The UF was voted out of power in 1977. Its policy of import-substitution had caused shortages, queues, and even mass hunger. (Public eateries were banned from serving rice on two days a week; citizens were forbidden from transporting paddy and rice without a permit.) Riding a wave of public anger, the UNP, led by J.R. Jayewardene, won the election in a landslide. In 1978 he introduced another constitution, replacing the country’s Westminster-style parliamentary system with an executive presidency. He didn’t conceal his endgame: “The only thing that a president cannot do,” he said, “is turn a man into a woman and vice versa.” Thereafter presidents had the authority to make judicial appointments and dissolve parliament, effectively placing them above the law.
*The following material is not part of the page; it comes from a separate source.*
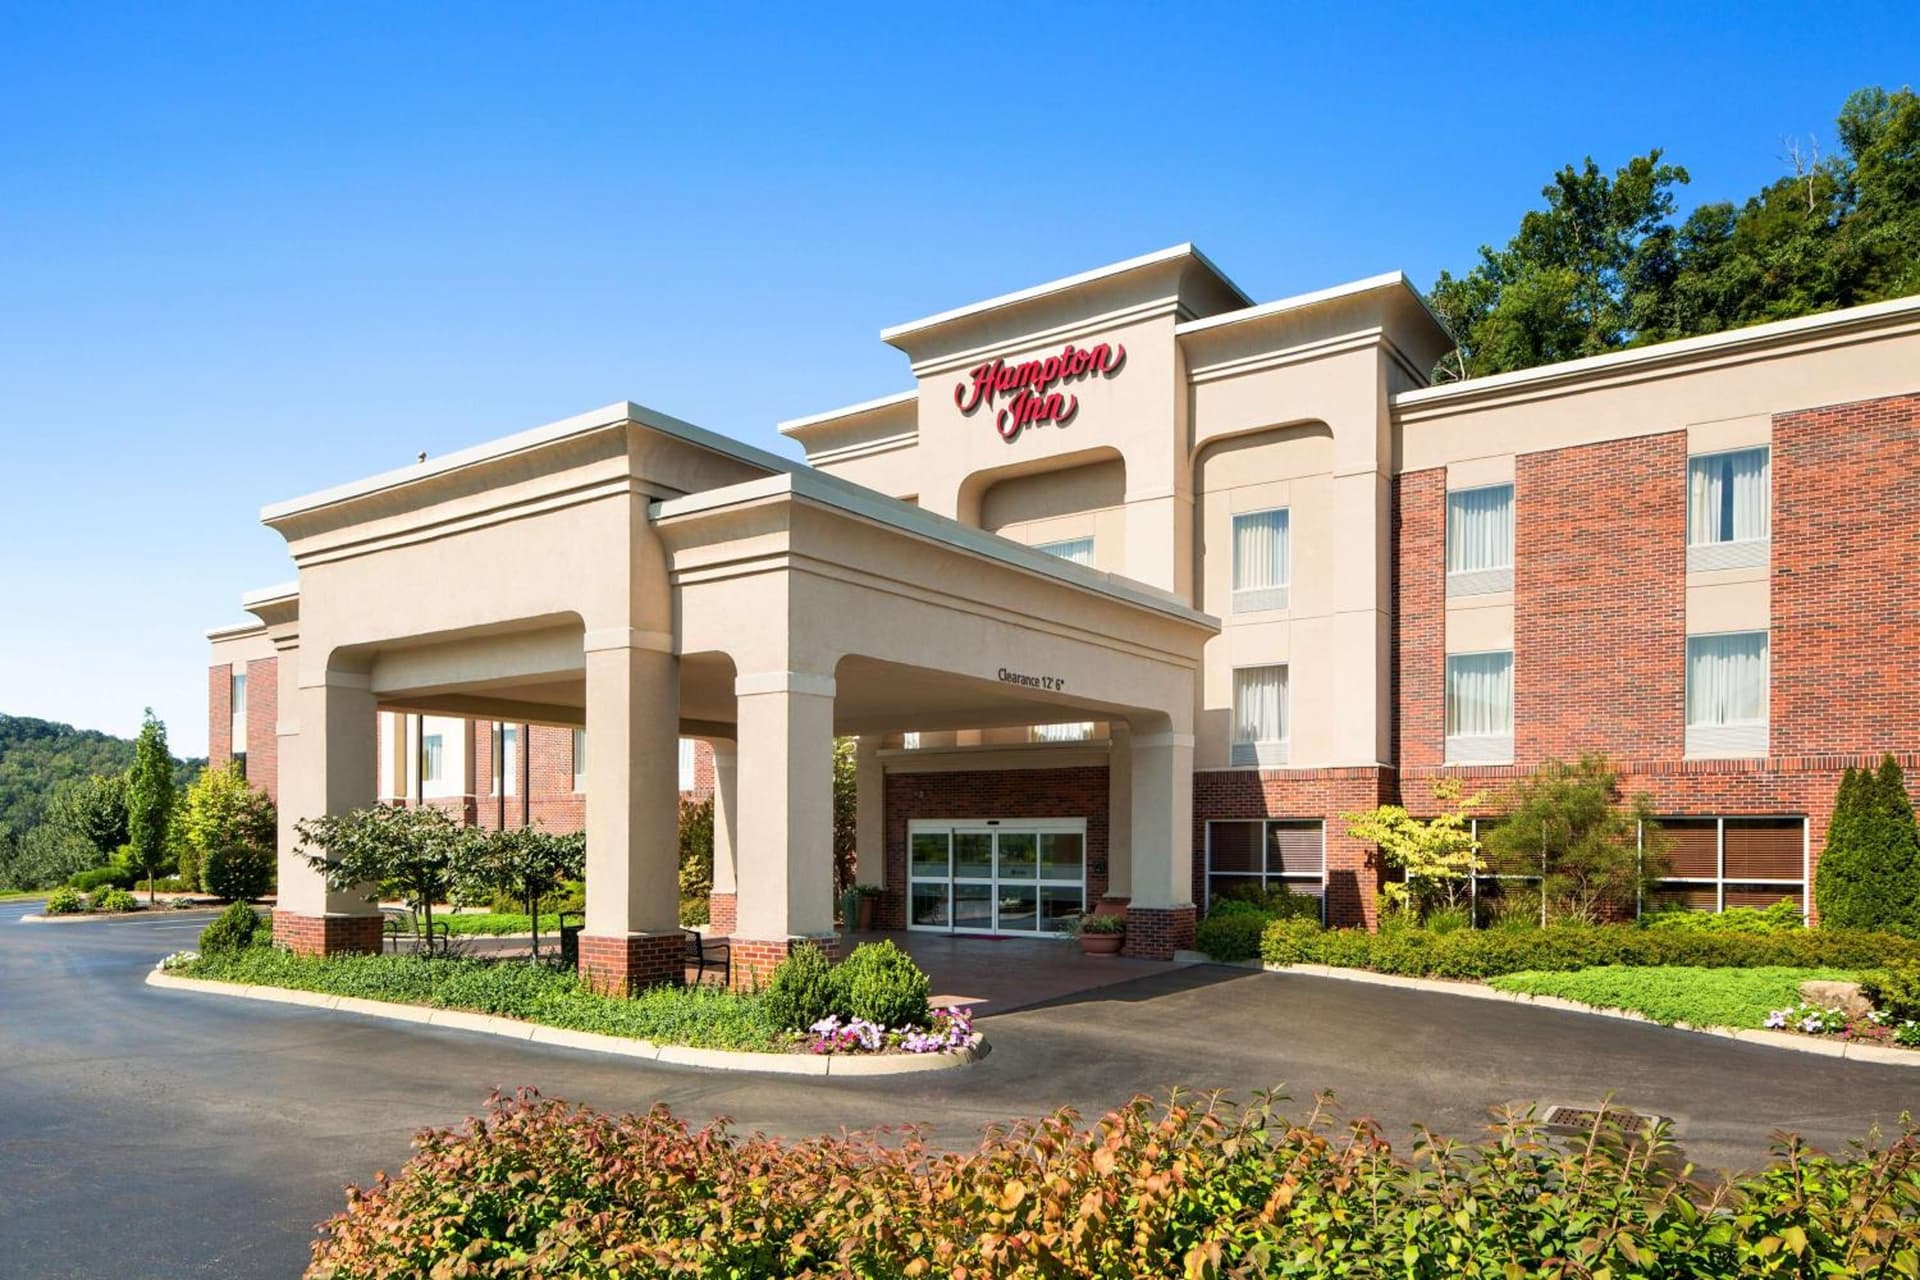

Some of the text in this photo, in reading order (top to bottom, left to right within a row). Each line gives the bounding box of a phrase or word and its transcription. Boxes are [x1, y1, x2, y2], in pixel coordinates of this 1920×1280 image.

Jayewardene claimed that an executive presidency would bring about political stability and economic growth. It did anything but. Over ten years he amended his own constitution sixteen times. In 1977 he liberalized the economy by removing import controls, ending the shortages, while slashing consumer subsidies and other welfare measures. The growth rate shot up at first, as un- and under-utilized resources were made available, but the benefits barely trickled down to the bottom. Between 1977 and 1984, real wages deteriorated among all categories of workers while prices increased over 200 percent. By the middle of the decade, nearly a fifth of the population was unemployed; the bottom 50 percent were receiving only 12 percent of the gross national income. Then, as political turbulence increased, all economic growth turned sluggish.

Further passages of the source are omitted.